◆ What you are asked to do: The result should be an exact copy of every record, with no pictures kept.
══ Given entries ══
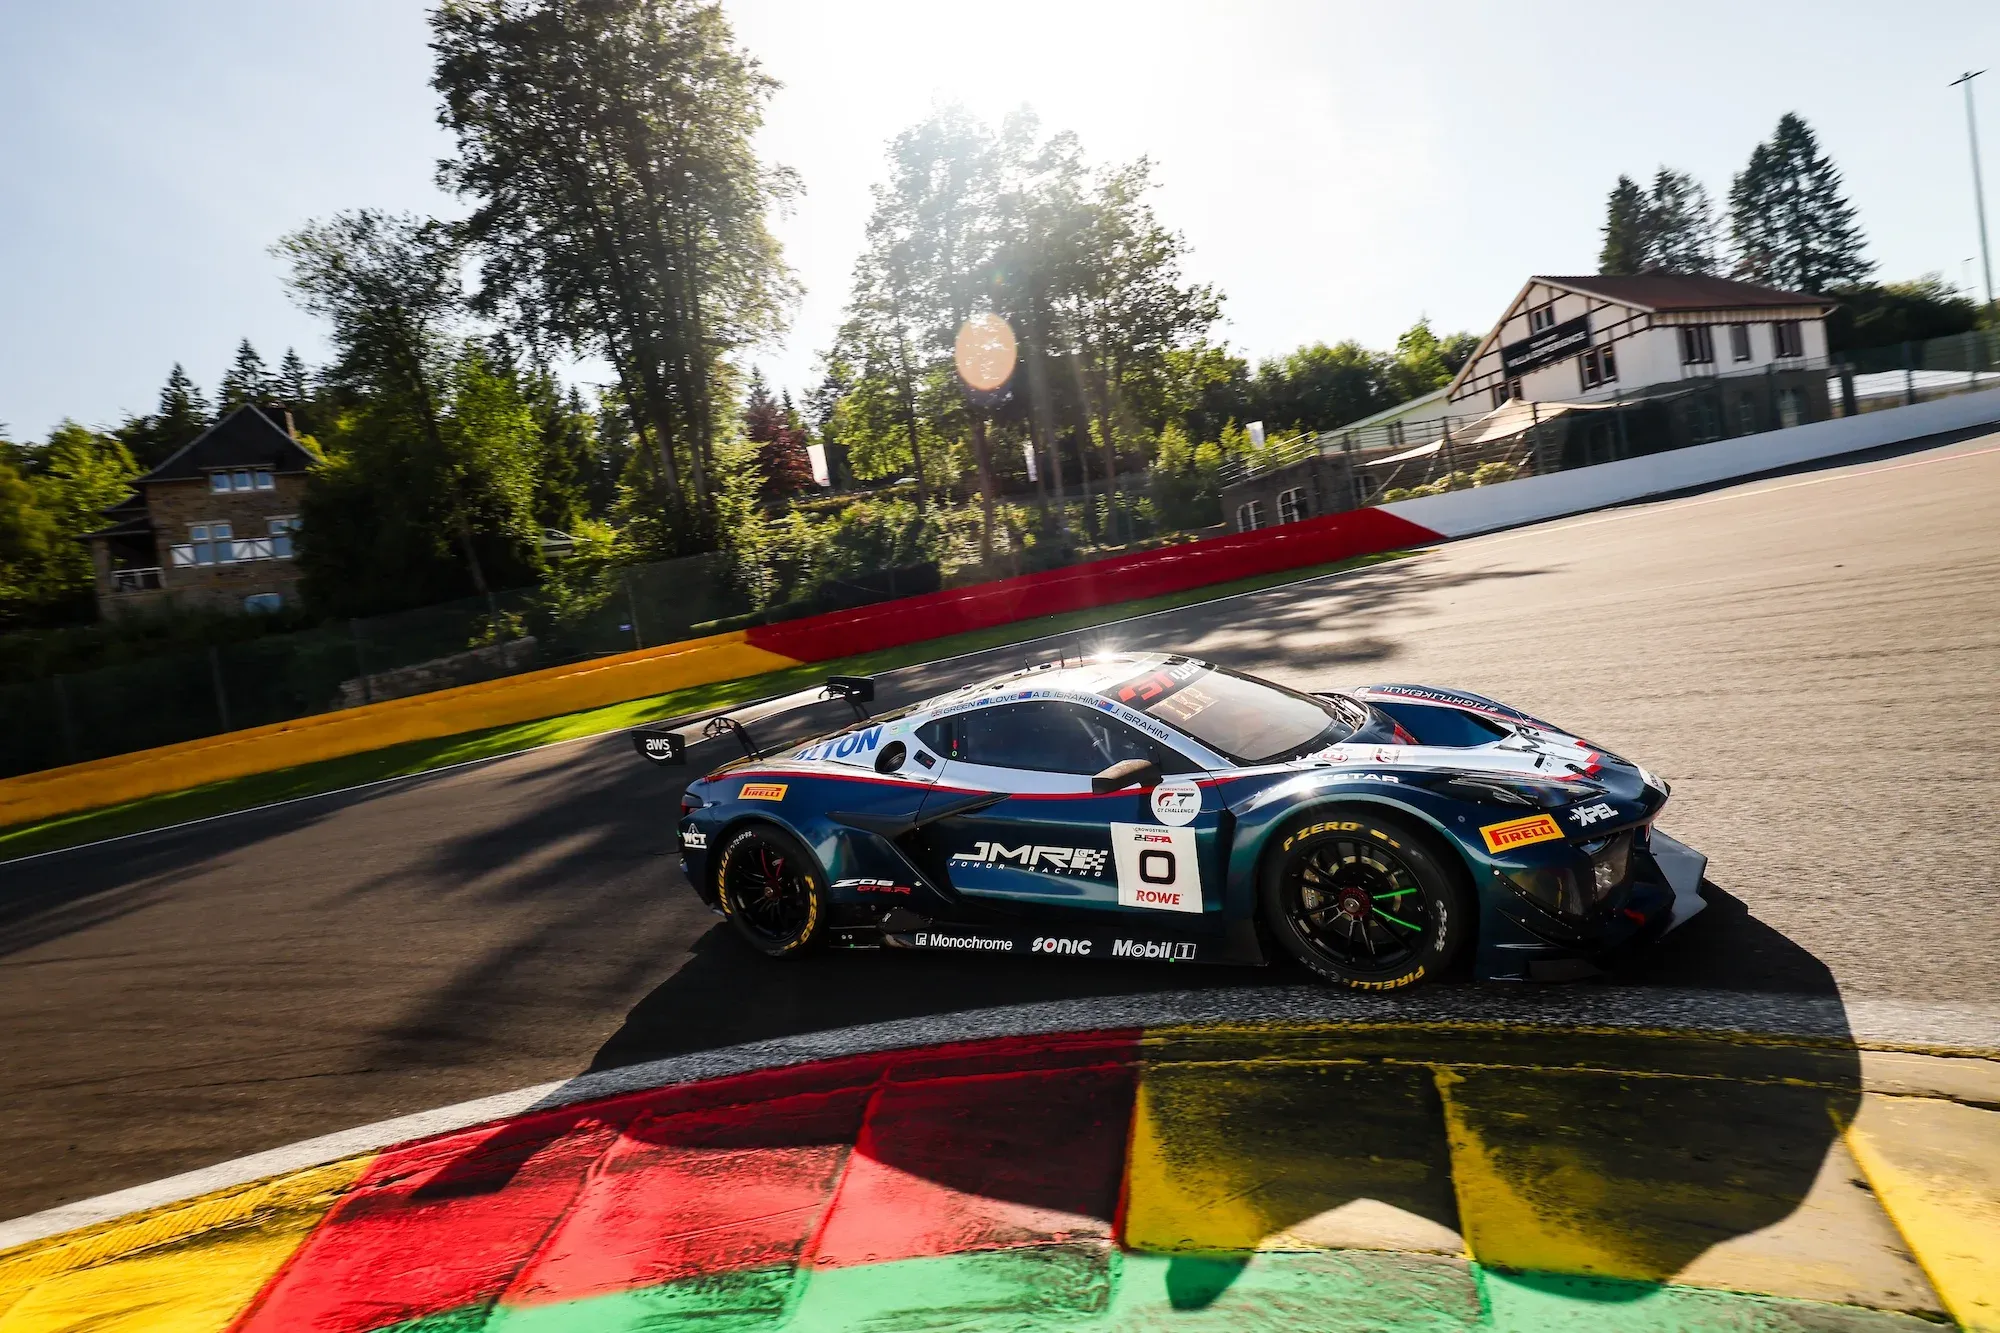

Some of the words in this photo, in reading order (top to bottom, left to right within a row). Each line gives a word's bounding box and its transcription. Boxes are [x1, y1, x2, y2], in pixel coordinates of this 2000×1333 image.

[943, 701, 976, 714] GREEN
[989, 693, 1018, 704] LOVE
[1054, 691, 1099, 707] IBRAHIM
[1110, 708, 1120, 716] J.
[1121, 711, 1170, 741] IBRAHIM
[645, 738, 671, 751] aws
[742, 786, 782, 798] PIRELLI
[1570, 802, 1620, 828] XPEL
[1296, 821, 1361, 841] ZERO
[1488, 819, 1555, 847] PIRELLI
[951, 841, 1073, 869] JMR
[950, 860, 1005, 870] JOHOR
[1028, 866, 1102, 877] RACING
[1139, 849, 1176, 885] 0
[1136, 889, 1181, 905] ROWE
[930, 934, 1013, 950] Monochrome
[1112, 939, 1171, 959] Mobil
[1350, 964, 1426, 991] PIRELLI
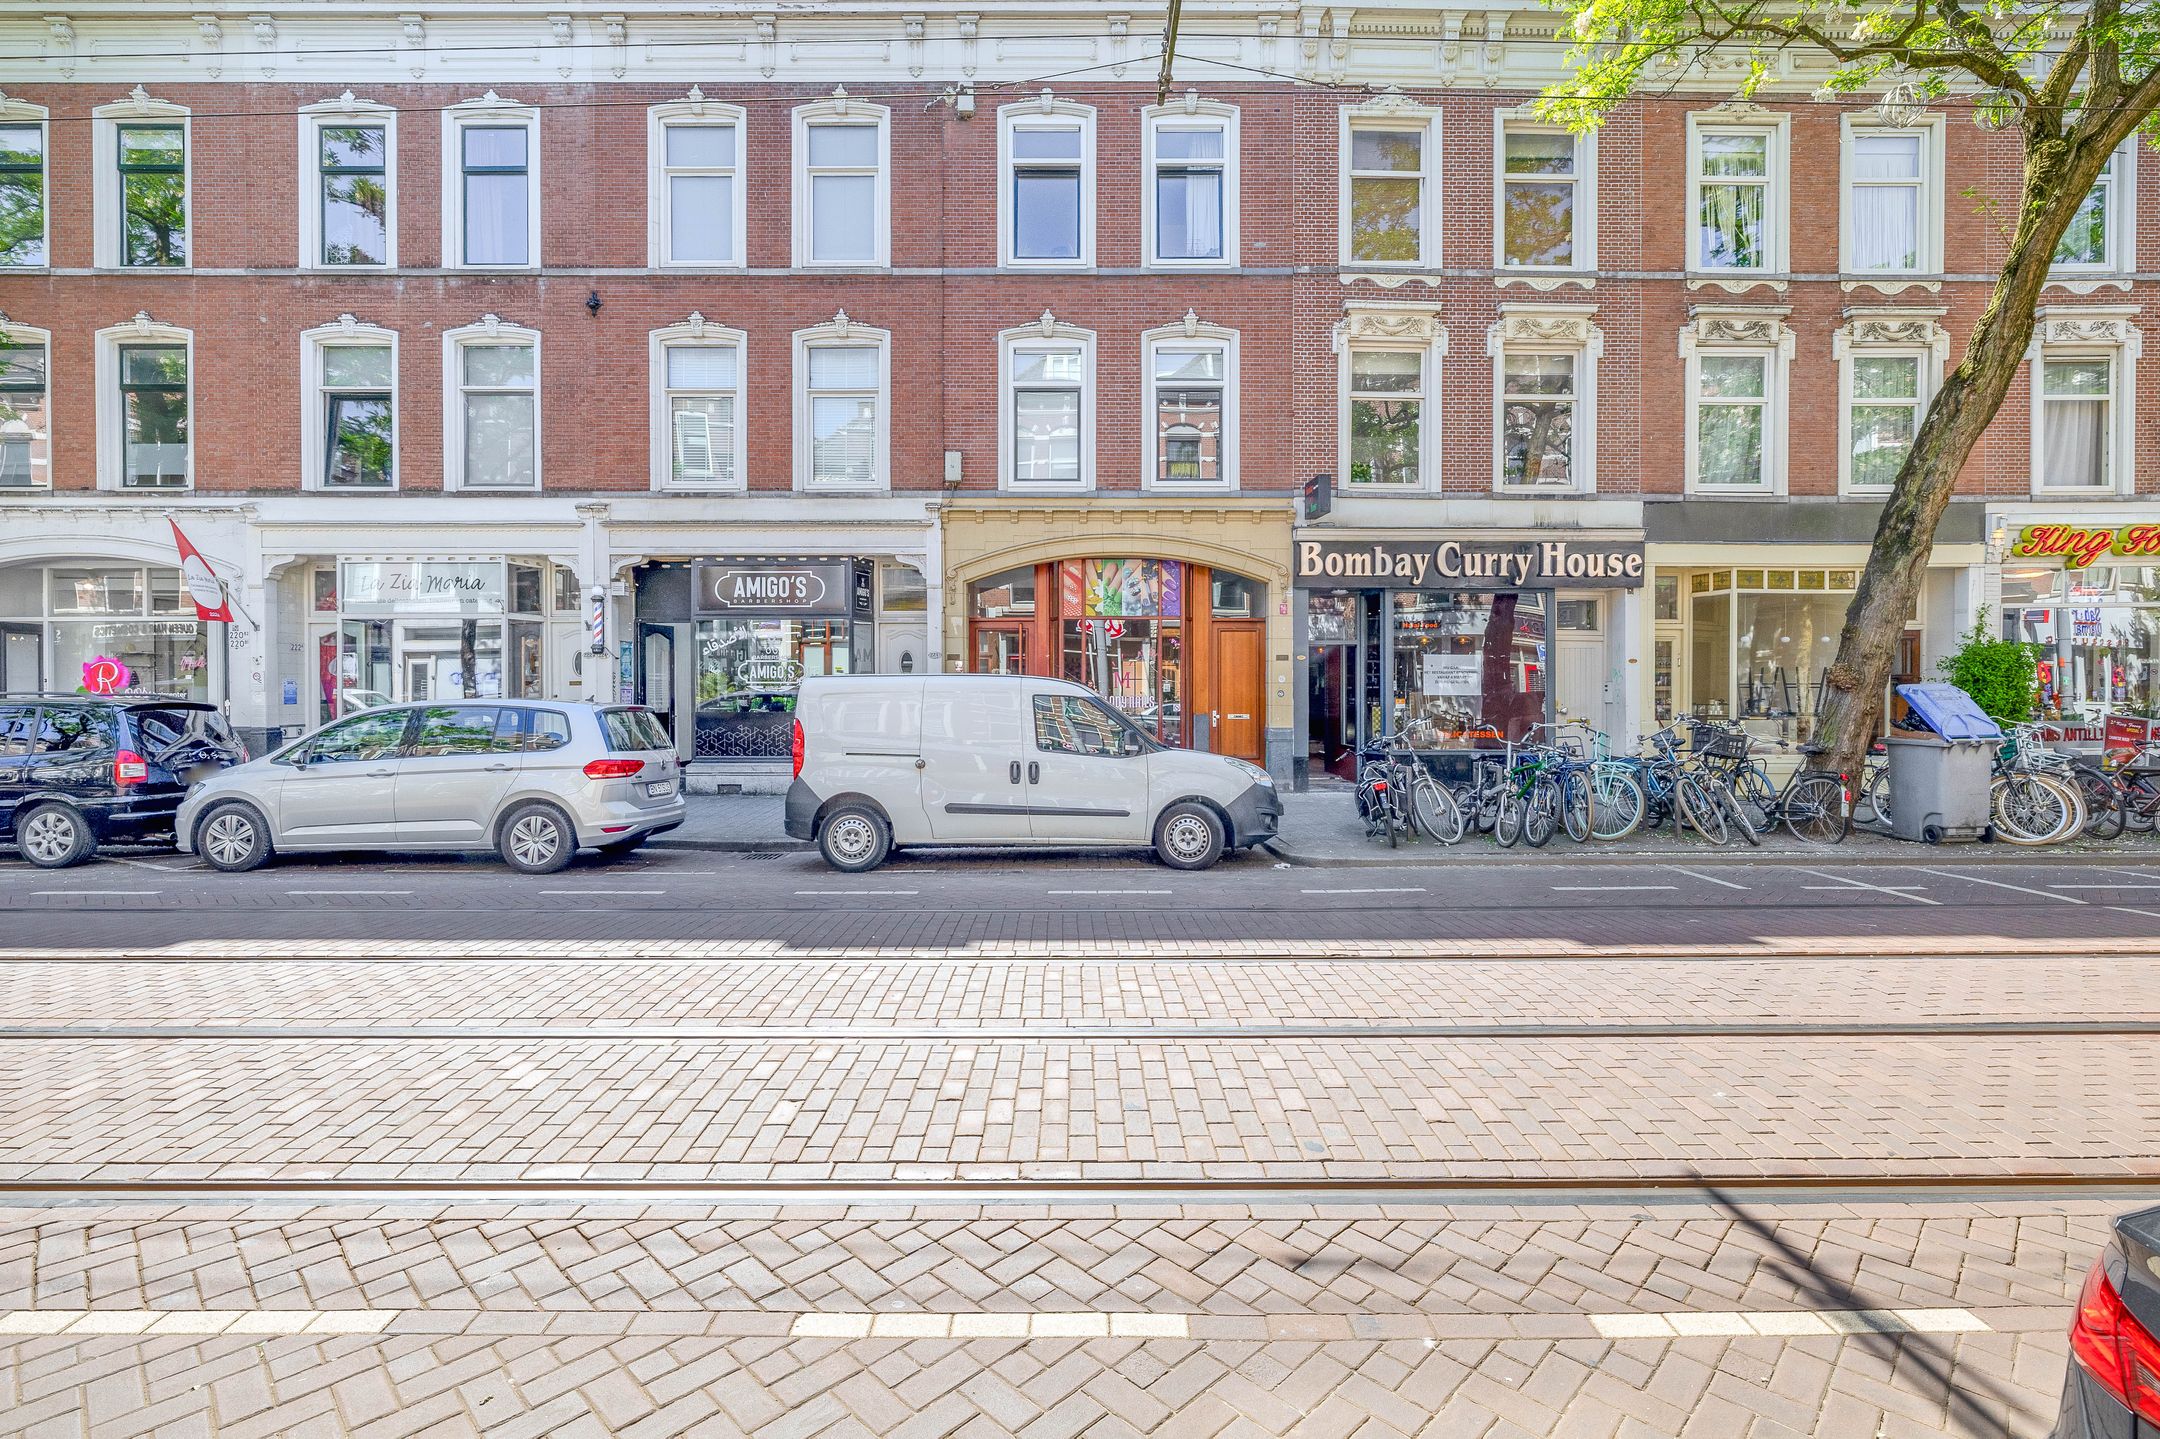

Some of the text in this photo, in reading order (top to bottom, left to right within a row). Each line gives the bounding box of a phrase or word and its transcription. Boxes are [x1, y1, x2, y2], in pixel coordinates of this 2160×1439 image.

[1299, 541, 1643, 585] Bombay Curry House
[2020, 525, 2113, 568] King
[733, 576, 807, 598] AMIGO'S
═══
◆ Solution below:
Some of the words in this photo, in reading order (top to bottom, left to right within a row). Each line gives a word's bounding box and its transcription. Boxes are [x1, y1, x2, y2], in pixel coordinates of this 2000×1333 image.

[943, 701, 976, 714] GREEN
[989, 693, 1018, 704] LOVE
[1054, 691, 1099, 707] IBRAHIM
[1110, 708, 1120, 716] J.
[1121, 711, 1170, 741] IBRAHIM
[645, 738, 671, 751] aws
[742, 786, 782, 798] PIRELLI
[1570, 802, 1620, 828] XPEL
[1296, 821, 1361, 841] ZERO
[1488, 819, 1555, 847] PIRELLI
[951, 841, 1073, 869] JMR
[950, 860, 1005, 870] JOHOR
[1028, 866, 1102, 877] RACING
[1139, 849, 1176, 885] 0
[1136, 889, 1181, 905] ROWE
[930, 934, 1013, 950] Monochrome
[1112, 939, 1171, 959] Mobil
[1350, 964, 1426, 991] PIRELLI

Some of the text in this photo, in reading order (top to bottom, left to right within a row). Each line gives the bounding box of a phrase or word and its transcription. Boxes are [x1, y1, x2, y2], in pixel coordinates of this 2160×1439 image.

[1299, 541, 1643, 585] Bombay Curry House
[2020, 525, 2113, 568] King
[733, 576, 807, 598] AMIGO'S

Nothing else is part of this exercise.